● EXTRACTED DATA
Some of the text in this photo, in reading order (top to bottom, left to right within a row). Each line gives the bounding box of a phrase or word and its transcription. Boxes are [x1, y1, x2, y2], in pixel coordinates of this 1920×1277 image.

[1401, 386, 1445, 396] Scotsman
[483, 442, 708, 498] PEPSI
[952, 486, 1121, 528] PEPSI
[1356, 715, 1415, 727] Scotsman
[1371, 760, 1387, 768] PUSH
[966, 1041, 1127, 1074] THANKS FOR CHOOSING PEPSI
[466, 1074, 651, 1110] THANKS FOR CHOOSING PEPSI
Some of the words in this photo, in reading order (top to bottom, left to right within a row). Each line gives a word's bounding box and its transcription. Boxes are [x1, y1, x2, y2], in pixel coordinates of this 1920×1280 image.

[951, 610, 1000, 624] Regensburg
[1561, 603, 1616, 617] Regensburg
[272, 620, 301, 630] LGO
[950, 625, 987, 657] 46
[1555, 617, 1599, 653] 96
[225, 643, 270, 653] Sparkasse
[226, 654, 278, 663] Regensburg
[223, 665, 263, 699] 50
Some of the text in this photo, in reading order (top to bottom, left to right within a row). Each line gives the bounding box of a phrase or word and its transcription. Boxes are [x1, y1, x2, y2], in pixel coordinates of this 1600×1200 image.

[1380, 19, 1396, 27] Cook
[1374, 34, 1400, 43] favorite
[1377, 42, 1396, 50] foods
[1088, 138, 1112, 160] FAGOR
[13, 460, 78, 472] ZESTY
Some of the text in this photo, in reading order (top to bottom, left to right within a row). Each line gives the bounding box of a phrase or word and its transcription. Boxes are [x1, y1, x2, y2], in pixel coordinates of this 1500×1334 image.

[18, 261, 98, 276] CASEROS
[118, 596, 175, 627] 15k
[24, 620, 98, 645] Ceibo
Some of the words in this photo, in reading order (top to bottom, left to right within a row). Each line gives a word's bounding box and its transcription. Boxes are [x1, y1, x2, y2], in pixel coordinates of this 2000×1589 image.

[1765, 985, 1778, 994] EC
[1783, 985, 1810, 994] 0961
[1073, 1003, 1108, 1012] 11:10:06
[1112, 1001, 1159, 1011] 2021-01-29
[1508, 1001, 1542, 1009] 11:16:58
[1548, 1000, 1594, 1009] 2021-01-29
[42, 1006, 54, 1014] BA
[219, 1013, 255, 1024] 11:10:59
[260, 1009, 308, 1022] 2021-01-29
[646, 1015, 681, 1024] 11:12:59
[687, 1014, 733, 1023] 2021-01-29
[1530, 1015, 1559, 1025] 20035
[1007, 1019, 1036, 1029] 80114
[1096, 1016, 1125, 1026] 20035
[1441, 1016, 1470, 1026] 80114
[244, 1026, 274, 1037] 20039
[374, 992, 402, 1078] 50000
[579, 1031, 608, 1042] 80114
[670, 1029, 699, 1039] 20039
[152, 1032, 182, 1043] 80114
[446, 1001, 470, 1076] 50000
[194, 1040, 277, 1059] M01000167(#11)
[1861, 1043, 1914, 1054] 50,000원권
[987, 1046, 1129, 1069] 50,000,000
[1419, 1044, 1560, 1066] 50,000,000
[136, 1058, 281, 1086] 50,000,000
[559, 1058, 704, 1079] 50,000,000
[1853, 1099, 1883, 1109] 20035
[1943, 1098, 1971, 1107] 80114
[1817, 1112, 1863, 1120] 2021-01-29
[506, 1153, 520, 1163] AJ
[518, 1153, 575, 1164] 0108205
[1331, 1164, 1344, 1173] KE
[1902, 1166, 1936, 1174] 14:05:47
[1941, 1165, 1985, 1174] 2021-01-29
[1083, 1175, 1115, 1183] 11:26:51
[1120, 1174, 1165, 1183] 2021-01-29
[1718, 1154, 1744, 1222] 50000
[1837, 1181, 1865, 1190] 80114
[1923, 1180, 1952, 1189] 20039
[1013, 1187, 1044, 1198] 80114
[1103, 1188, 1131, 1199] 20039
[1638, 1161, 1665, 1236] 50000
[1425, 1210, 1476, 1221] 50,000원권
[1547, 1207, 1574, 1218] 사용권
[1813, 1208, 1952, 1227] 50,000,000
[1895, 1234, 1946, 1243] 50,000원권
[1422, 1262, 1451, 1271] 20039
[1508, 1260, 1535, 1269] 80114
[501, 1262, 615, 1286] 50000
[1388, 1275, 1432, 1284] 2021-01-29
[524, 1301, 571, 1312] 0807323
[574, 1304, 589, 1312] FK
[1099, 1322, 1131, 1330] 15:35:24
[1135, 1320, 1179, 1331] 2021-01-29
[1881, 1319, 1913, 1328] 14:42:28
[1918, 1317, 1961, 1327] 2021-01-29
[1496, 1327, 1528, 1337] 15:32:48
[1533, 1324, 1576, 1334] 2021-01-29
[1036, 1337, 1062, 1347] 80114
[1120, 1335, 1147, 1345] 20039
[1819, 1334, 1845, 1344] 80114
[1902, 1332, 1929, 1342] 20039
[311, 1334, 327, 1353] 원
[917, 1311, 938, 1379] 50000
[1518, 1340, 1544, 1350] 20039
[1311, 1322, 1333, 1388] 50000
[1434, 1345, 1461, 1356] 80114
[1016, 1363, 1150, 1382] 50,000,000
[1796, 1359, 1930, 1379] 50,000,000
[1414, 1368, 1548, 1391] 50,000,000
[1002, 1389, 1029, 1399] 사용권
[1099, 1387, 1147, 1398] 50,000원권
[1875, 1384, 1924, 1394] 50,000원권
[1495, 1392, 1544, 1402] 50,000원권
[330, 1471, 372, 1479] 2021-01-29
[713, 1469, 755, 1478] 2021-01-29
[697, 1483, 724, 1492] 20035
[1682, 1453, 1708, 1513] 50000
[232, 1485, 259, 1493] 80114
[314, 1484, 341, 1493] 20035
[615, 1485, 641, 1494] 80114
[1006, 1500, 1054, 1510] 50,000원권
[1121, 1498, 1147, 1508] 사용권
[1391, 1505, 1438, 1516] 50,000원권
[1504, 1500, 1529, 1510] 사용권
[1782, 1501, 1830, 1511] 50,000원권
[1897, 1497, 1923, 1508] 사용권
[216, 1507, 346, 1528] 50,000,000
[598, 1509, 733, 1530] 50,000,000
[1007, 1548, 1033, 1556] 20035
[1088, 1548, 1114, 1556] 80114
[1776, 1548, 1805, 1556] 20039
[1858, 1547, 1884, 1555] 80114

● TASK DETAILS
The answer should be all the entries, restated with no word changed.

● ANSWER SECTION
Some of the text in this photo, in reading order (top to bottom, left to right within a row). Each line gives the bounding box of a phrase or word and its transcription. Boxes are [x1, y1, x2, y2], in pixel coordinates of this 1920×1277 image.

[1401, 386, 1445, 396] Scotsman
[483, 442, 708, 498] PEPSI
[952, 486, 1121, 528] PEPSI
[1356, 715, 1415, 727] Scotsman
[1371, 760, 1387, 768] PUSH
[966, 1041, 1127, 1074] THANKS FOR CHOOSING PEPSI
[466, 1074, 651, 1110] THANKS FOR CHOOSING PEPSI
Some of the words in this photo, in reading order (top to bottom, left to right within a row). Each line gives a word's bounding box and its transcription. Boxes are [x1, y1, x2, y2], in pixel coordinates of this 1920×1280 image.

[951, 610, 1000, 624] Regensburg
[1561, 603, 1616, 617] Regensburg
[272, 620, 301, 630] LGO
[950, 625, 987, 657] 46
[1555, 617, 1599, 653] 96
[225, 643, 270, 653] Sparkasse
[226, 654, 278, 663] Regensburg
[223, 665, 263, 699] 50
Some of the text in this photo, in reading order (top to bottom, left to right within a row). Each line gives the bounding box of a phrase or word and its transcription. Boxes are [x1, y1, x2, y2], in pixel coordinates of this 1600×1200 image.

[1380, 19, 1396, 27] Cook
[1374, 34, 1400, 43] favorite
[1377, 42, 1396, 50] foods
[1088, 138, 1112, 160] FAGOR
[13, 460, 78, 472] ZESTY
Some of the text in this photo, in reading order (top to bottom, left to right within a row). Each line gives the bounding box of a phrase or word and its transcription. Boxes are [x1, y1, x2, y2], in pixel coordinates of this 1500×1334 image.

[18, 261, 98, 276] CASEROS
[118, 596, 175, 627] 15k
[24, 620, 98, 645] Ceibo
Some of the words in this photo, in reading order (top to bottom, left to right within a row). Each line gives a word's bounding box and its transcription. Boxes are [x1, y1, x2, y2], in pixel coordinates of this 2000×1589 image.

[1765, 985, 1778, 994] EC
[1783, 985, 1810, 994] 0961
[1073, 1003, 1108, 1012] 11:10:06
[1112, 1001, 1159, 1011] 2021-01-29
[1508, 1001, 1542, 1009] 11:16:58
[1548, 1000, 1594, 1009] 2021-01-29
[42, 1006, 54, 1014] BA
[219, 1013, 255, 1024] 11:10:59
[260, 1009, 308, 1022] 2021-01-29
[646, 1015, 681, 1024] 11:12:59
[687, 1014, 733, 1023] 2021-01-29
[1530, 1015, 1559, 1025] 20035
[1007, 1019, 1036, 1029] 80114
[1096, 1016, 1125, 1026] 20035
[1441, 1016, 1470, 1026] 80114
[244, 1026, 274, 1037] 20039
[374, 992, 402, 1078] 50000
[579, 1031, 608, 1042] 80114
[670, 1029, 699, 1039] 20039
[152, 1032, 182, 1043] 80114
[446, 1001, 470, 1076] 50000
[194, 1040, 277, 1059] M01000167(#11)
[1861, 1043, 1914, 1054] 50,000원권
[987, 1046, 1129, 1069] 50,000,000
[1419, 1044, 1560, 1066] 50,000,000
[136, 1058, 281, 1086] 50,000,000
[559, 1058, 704, 1079] 50,000,000
[1853, 1099, 1883, 1109] 20035
[1943, 1098, 1971, 1107] 80114
[1817, 1112, 1863, 1120] 2021-01-29
[506, 1153, 520, 1163] AJ
[518, 1153, 575, 1164] 0108205
[1331, 1164, 1344, 1173] KE
[1902, 1166, 1936, 1174] 14:05:47
[1941, 1165, 1985, 1174] 2021-01-29
[1083, 1175, 1115, 1183] 11:26:51
[1120, 1174, 1165, 1183] 2021-01-29
[1718, 1154, 1744, 1222] 50000
[1837, 1181, 1865, 1190] 80114
[1923, 1180, 1952, 1189] 20039
[1013, 1187, 1044, 1198] 80114
[1103, 1188, 1131, 1199] 20039
[1638, 1161, 1665, 1236] 50000
[1425, 1210, 1476, 1221] 50,000원권
[1547, 1207, 1574, 1218] 사용권
[1813, 1208, 1952, 1227] 50,000,000
[1895, 1234, 1946, 1243] 50,000원권
[1422, 1262, 1451, 1271] 20039
[1508, 1260, 1535, 1269] 80114
[501, 1262, 615, 1286] 50000
[1388, 1275, 1432, 1284] 2021-01-29
[524, 1301, 571, 1312] 0807323
[574, 1304, 589, 1312] FK
[1099, 1322, 1131, 1330] 15:35:24
[1135, 1320, 1179, 1331] 2021-01-29
[1881, 1319, 1913, 1328] 14:42:28
[1918, 1317, 1961, 1327] 2021-01-29
[1496, 1327, 1528, 1337] 15:32:48
[1533, 1324, 1576, 1334] 2021-01-29
[1036, 1337, 1062, 1347] 80114
[1120, 1335, 1147, 1345] 20039
[1819, 1334, 1845, 1344] 80114
[1902, 1332, 1929, 1342] 20039
[311, 1334, 327, 1353] 원
[917, 1311, 938, 1379] 50000
[1518, 1340, 1544, 1350] 20039
[1311, 1322, 1333, 1388] 50000
[1434, 1345, 1461, 1356] 80114
[1016, 1363, 1150, 1382] 50,000,000
[1796, 1359, 1930, 1379] 50,000,000
[1414, 1368, 1548, 1391] 50,000,000
[1002, 1389, 1029, 1399] 사용권
[1099, 1387, 1147, 1398] 50,000원권
[1875, 1384, 1924, 1394] 50,000원권
[1495, 1392, 1544, 1402] 50,000원권
[330, 1471, 372, 1479] 2021-01-29
[713, 1469, 755, 1478] 2021-01-29
[697, 1483, 724, 1492] 20035
[1682, 1453, 1708, 1513] 50000
[232, 1485, 259, 1493] 80114
[314, 1484, 341, 1493] 20035
[615, 1485, 641, 1494] 80114
[1006, 1500, 1054, 1510] 50,000원권
[1121, 1498, 1147, 1508] 사용권
[1391, 1505, 1438, 1516] 50,000원권
[1504, 1500, 1529, 1510] 사용권
[1782, 1501, 1830, 1511] 50,000원권
[1897, 1497, 1923, 1508] 사용권
[216, 1507, 346, 1528] 50,000,000
[598, 1509, 733, 1530] 50,000,000
[1007, 1548, 1033, 1556] 20035
[1088, 1548, 1114, 1556] 80114
[1776, 1548, 1805, 1556] 20039
[1858, 1547, 1884, 1555] 80114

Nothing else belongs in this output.